↓
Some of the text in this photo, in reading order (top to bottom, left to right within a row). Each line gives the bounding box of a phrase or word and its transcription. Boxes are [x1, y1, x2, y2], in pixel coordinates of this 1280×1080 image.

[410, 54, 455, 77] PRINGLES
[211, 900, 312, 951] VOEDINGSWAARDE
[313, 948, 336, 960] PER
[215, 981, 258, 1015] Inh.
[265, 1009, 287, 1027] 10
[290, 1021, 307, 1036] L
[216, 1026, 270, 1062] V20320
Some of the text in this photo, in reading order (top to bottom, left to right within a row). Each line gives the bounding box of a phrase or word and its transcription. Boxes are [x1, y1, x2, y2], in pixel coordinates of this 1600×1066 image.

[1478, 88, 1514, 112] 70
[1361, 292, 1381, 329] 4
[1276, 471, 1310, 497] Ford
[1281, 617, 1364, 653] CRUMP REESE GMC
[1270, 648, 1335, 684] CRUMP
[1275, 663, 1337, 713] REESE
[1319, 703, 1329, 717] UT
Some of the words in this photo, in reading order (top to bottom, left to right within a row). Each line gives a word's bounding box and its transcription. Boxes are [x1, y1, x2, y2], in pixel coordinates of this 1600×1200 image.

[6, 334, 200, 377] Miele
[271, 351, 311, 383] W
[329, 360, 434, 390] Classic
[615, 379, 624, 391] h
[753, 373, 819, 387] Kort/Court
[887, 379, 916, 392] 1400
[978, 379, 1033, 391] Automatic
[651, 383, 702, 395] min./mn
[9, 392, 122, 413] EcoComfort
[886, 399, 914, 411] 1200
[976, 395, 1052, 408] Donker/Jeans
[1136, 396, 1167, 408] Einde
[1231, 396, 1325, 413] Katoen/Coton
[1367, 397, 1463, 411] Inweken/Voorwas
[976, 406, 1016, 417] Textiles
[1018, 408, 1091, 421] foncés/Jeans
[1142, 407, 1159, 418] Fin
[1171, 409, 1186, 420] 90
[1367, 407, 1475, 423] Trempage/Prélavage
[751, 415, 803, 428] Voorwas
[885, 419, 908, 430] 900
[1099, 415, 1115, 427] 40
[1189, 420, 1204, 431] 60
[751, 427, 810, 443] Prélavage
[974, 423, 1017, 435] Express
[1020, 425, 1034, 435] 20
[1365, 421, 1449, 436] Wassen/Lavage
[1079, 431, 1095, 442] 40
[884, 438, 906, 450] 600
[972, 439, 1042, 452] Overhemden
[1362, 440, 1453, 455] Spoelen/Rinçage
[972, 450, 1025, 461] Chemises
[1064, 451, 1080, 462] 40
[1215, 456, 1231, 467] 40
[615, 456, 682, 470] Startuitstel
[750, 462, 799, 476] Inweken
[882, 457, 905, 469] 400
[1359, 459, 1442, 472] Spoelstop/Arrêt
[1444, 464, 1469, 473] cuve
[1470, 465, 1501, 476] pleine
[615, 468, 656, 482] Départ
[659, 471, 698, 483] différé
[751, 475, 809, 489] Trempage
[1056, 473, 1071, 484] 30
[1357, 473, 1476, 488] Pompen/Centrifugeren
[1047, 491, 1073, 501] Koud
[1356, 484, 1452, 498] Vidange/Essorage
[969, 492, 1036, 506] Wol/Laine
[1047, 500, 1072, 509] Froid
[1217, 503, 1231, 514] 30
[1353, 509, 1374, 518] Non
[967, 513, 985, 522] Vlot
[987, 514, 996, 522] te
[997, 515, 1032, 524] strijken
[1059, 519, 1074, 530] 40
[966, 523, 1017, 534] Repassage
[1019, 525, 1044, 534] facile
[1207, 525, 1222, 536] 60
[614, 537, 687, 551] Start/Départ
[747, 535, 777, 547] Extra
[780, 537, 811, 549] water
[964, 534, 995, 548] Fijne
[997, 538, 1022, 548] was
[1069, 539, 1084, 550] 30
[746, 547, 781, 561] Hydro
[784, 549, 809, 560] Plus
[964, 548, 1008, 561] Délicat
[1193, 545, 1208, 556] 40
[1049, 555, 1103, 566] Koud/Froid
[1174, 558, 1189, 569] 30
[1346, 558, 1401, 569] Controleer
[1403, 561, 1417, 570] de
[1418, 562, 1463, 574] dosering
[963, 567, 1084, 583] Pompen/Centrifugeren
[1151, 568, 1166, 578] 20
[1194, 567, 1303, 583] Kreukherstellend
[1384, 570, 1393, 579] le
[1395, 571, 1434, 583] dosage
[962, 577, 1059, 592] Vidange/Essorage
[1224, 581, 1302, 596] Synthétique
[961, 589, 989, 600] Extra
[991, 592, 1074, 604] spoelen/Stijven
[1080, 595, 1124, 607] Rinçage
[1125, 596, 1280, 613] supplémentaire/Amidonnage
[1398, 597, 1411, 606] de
↑
Set down the records again verbatim, so that each word stays as it is.

→ **REPLY**:
Some of the text in this photo, in reading order (top to bottom, left to right within a row). Each line gives the bounding box of a phrase or word and its transcription. Boxes are [x1, y1, x2, y2], in pixel coordinates of this 1280×1080 image.

[410, 54, 455, 77] PRINGLES
[211, 900, 312, 951] VOEDINGSWAARDE
[313, 948, 336, 960] PER
[215, 981, 258, 1015] Inh.
[265, 1009, 287, 1027] 10
[290, 1021, 307, 1036] L
[216, 1026, 270, 1062] V20320
Some of the text in this photo, in reading order (top to bottom, left to right within a row). Each line gives the bounding box of a phrase or word and its transcription. Boxes are [x1, y1, x2, y2], in pixel coordinates of this 1600×1066 image.

[1478, 88, 1514, 112] 70
[1361, 292, 1381, 329] 4
[1276, 471, 1310, 497] Ford
[1281, 617, 1364, 653] CRUMP REESE GMC
[1270, 648, 1335, 684] CRUMP
[1275, 663, 1337, 713] REESE
[1319, 703, 1329, 717] UT
Some of the words in this photo, in reading order (top to bottom, left to right within a row). Each line gives a word's bounding box and its transcription. Boxes are [x1, y1, x2, y2], in pixel coordinates of this 1600×1200 image.

[6, 334, 200, 377] Miele
[271, 351, 311, 383] W
[329, 360, 434, 390] Classic
[615, 379, 624, 391] h
[753, 373, 819, 387] Kort/Court
[887, 379, 916, 392] 1400
[978, 379, 1033, 391] Automatic
[651, 383, 702, 395] min./mn
[9, 392, 122, 413] EcoComfort
[886, 399, 914, 411] 1200
[976, 395, 1052, 408] Donker/Jeans
[1136, 396, 1167, 408] Einde
[1231, 396, 1325, 413] Katoen/Coton
[1367, 397, 1463, 411] Inweken/Voorwas
[976, 406, 1016, 417] Textiles
[1018, 408, 1091, 421] foncés/Jeans
[1142, 407, 1159, 418] Fin
[1171, 409, 1186, 420] 90
[1367, 407, 1475, 423] Trempage/Prélavage
[751, 415, 803, 428] Voorwas
[885, 419, 908, 430] 900
[1099, 415, 1115, 427] 40
[1189, 420, 1204, 431] 60
[751, 427, 810, 443] Prélavage
[974, 423, 1017, 435] Express
[1020, 425, 1034, 435] 20
[1365, 421, 1449, 436] Wassen/Lavage
[1079, 431, 1095, 442] 40
[884, 438, 906, 450] 600
[972, 439, 1042, 452] Overhemden
[1362, 440, 1453, 455] Spoelen/Rinçage
[972, 450, 1025, 461] Chemises
[1064, 451, 1080, 462] 40
[1215, 456, 1231, 467] 40
[615, 456, 682, 470] Startuitstel
[750, 462, 799, 476] Inweken
[882, 457, 905, 469] 400
[1359, 459, 1442, 472] Spoelstop/Arrêt
[1444, 464, 1469, 473] cuve
[1470, 465, 1501, 476] pleine
[615, 468, 656, 482] Départ
[659, 471, 698, 483] différé
[751, 475, 809, 489] Trempage
[1056, 473, 1071, 484] 30
[1357, 473, 1476, 488] Pompen/Centrifugeren
[1047, 491, 1073, 501] Koud
[1356, 484, 1452, 498] Vidange/Essorage
[969, 492, 1036, 506] Wol/Laine
[1047, 500, 1072, 509] Froid
[1217, 503, 1231, 514] 30
[1353, 509, 1374, 518] Non
[967, 513, 985, 522] Vlot
[987, 514, 996, 522] te
[997, 515, 1032, 524] strijken
[1059, 519, 1074, 530] 40
[966, 523, 1017, 534] Repassage
[1019, 525, 1044, 534] facile
[1207, 525, 1222, 536] 60
[614, 537, 687, 551] Start/Départ
[747, 535, 777, 547] Extra
[780, 537, 811, 549] water
[964, 534, 995, 548] Fijne
[997, 538, 1022, 548] was
[1069, 539, 1084, 550] 30
[746, 547, 781, 561] Hydro
[784, 549, 809, 560] Plus
[964, 548, 1008, 561] Délicat
[1193, 545, 1208, 556] 40
[1049, 555, 1103, 566] Koud/Froid
[1174, 558, 1189, 569] 30
[1346, 558, 1401, 569] Controleer
[1403, 561, 1417, 570] de
[1418, 562, 1463, 574] dosering
[963, 567, 1084, 583] Pompen/Centrifugeren
[1151, 568, 1166, 578] 20
[1194, 567, 1303, 583] Kreukherstellend
[1384, 570, 1393, 579] le
[1395, 571, 1434, 583] dosage
[962, 577, 1059, 592] Vidange/Essorage
[1224, 581, 1302, 596] Synthétique
[961, 589, 989, 600] Extra
[991, 592, 1074, 604] spoelen/Stijven
[1080, 595, 1124, 607] Rinçage
[1125, 596, 1280, 613] supplémentaire/Amidonnage
[1398, 597, 1411, 606] de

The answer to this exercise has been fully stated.